Minor Dependency Versions
There are a few dependencies that we have particular issues with. Boost is one, but we're keeping an eye on that since it's so integral to the project. You might have seen our ENABLE_BAD_BOOST since we keep a table of versions of Boost that have specific bugs such that we, by default, don't allow you to build GNU Radio off them.
A currently problematic dependency is PyQwt. We really like Qt and Qwt (once we figured out some build problems with it), and we like the ability we have of building our own widgets off of Qwt. We also like the idea of PyQwt because it gives us building blocks for interesting application control in Python. But, we have a problem. Qwt is moving on and doing good things, but PyQwt isn't. Emphatically so, in fact. They announced that they will not support Qwt 6 and are apparently in the works of creating their own version of Qwt completely in Python. Which sounds fine, but where is it? And will it be an easy replacement for what we've already done? And in the meantime, how hard would it have been to update to Qwt 6 while they were making this transition?
For now, we all want to use Qwt 6. Case in point, if you look closely, you can't even run the new time raster plots using Qwt 5.2. It's far too much of a CPU hog and just grinds to a halt. Qwt 6, however, runs fine. In all ways, Qwt 6 works better. And the API changes they've made all make sense: they are cleaner interfaces and more consistent with the use of pointers than before.
And yet, PyQwt 5.2 actually works fine with Qwt 6 installed, at least given the scope of what we want to do with PyQwt in GNU Radio. So that's interesting, but I'm always conscious that this is probably not going to be a long-lived solution. In fact, I've already seen issues with our code and Qwt 6.1, something that just today I worked on and should be pushing and update for GNU Radio soon. Even though Qwt 6.1 still works with the older PyQwt, I'm always wondering when these two projects will diverge far enough that we can't use them together?
The end thought here is that I would love to get rid of our use of PyQwt, but there doesn't appear to be an easy alternative right now. But I would greatly appreciate any pointers in this case.
And then we have ICE. ICE is the middleware library we use behind ControlPort. We initially wrote ControlPort against ICE 3.4.2, but they've released their 3.5 code. Luckily, it seems that ICE 3.5.0 and 3.5.1 work smoothly with our use of ICE. It's the preferred version to use, in fact. First, might as well stay up-to-date, but also, because GCC 4.7 actually doesn't compile an unpatched ICE 3.4.2 (you'll see upCast errors when compiling if you try). So when using GCC 4.7 or higher, we have to use ICE 3.5. The problem, however, is that most of our main OSes that we use still only ship ICE 3.4.2. So just using apt-get to use the latest version of GCC and the version of ICE they ship doesn't work together to build ControlPort. Which is very annoying. Instead, you either have to down-grade GCC or manually build and install ICE.

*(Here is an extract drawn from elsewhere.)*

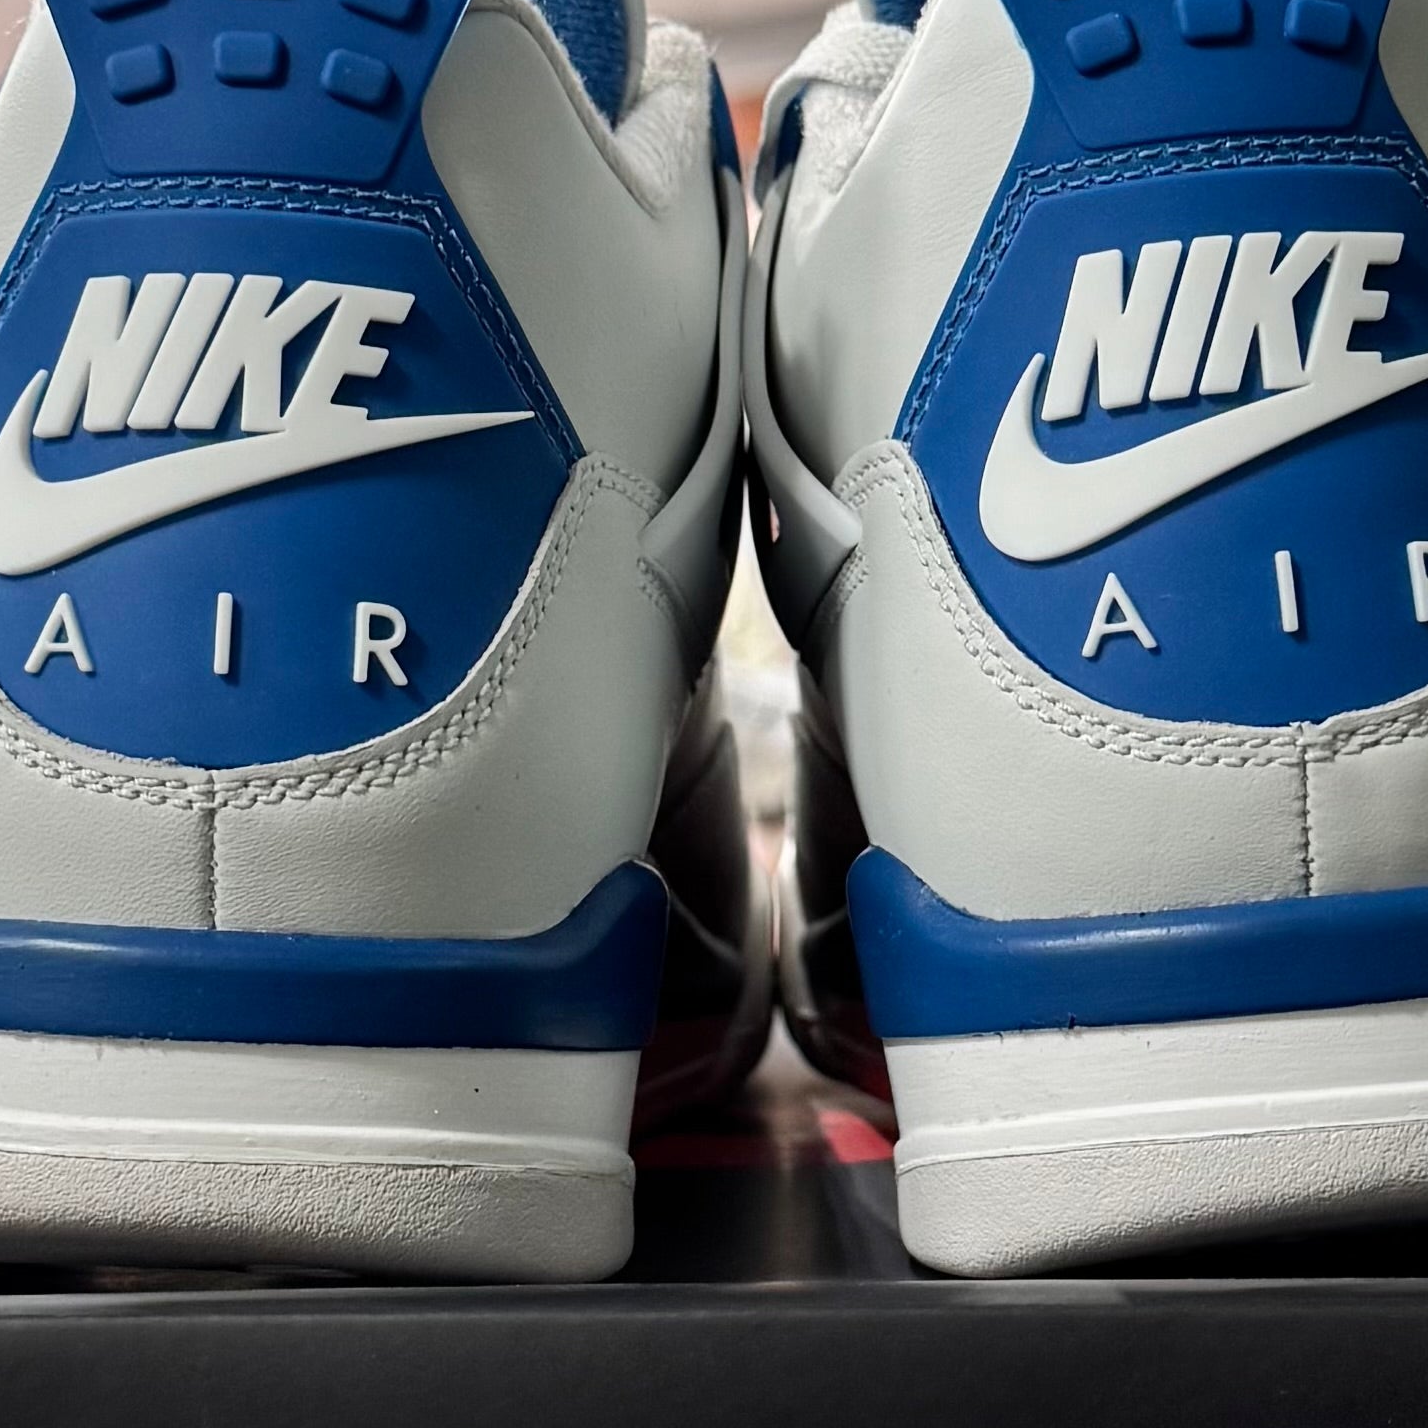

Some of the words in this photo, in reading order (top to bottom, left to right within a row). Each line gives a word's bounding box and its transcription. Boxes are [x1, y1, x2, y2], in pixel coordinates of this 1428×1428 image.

So these are some of the current issues that we have. And with the plethora of OSes we support out there with different configurations and supported versions of these, it can often be hard to protect against these issues early on.
Future Major Versions
In the not-too-distant future, we are also going to be concerned with Python 3 and Qt5. These look like they are going to require pretty big changes, possibly to the point that we have to break backwards compatibility with Python 2 and Qt4 to make it work well. Supporting multiple versions often requires #ifdefs in the code and to make sure that we test all supported versions this way when adding or changing any code. This is currently how we support Qwt 5 and 6, but I'm concerned that Qt will be too large a change and too invasive a procedure to keep both versions working properly. Python 3 has similar issues.
So sometime soon, I'll have to sit down and understand how much it's going to take to update to these new versions and how invasive changing to support them is going to be. It might turn out that we'll just have to make a clean cut in version 3.8 or 3.9 of GNU Radio. We'll see.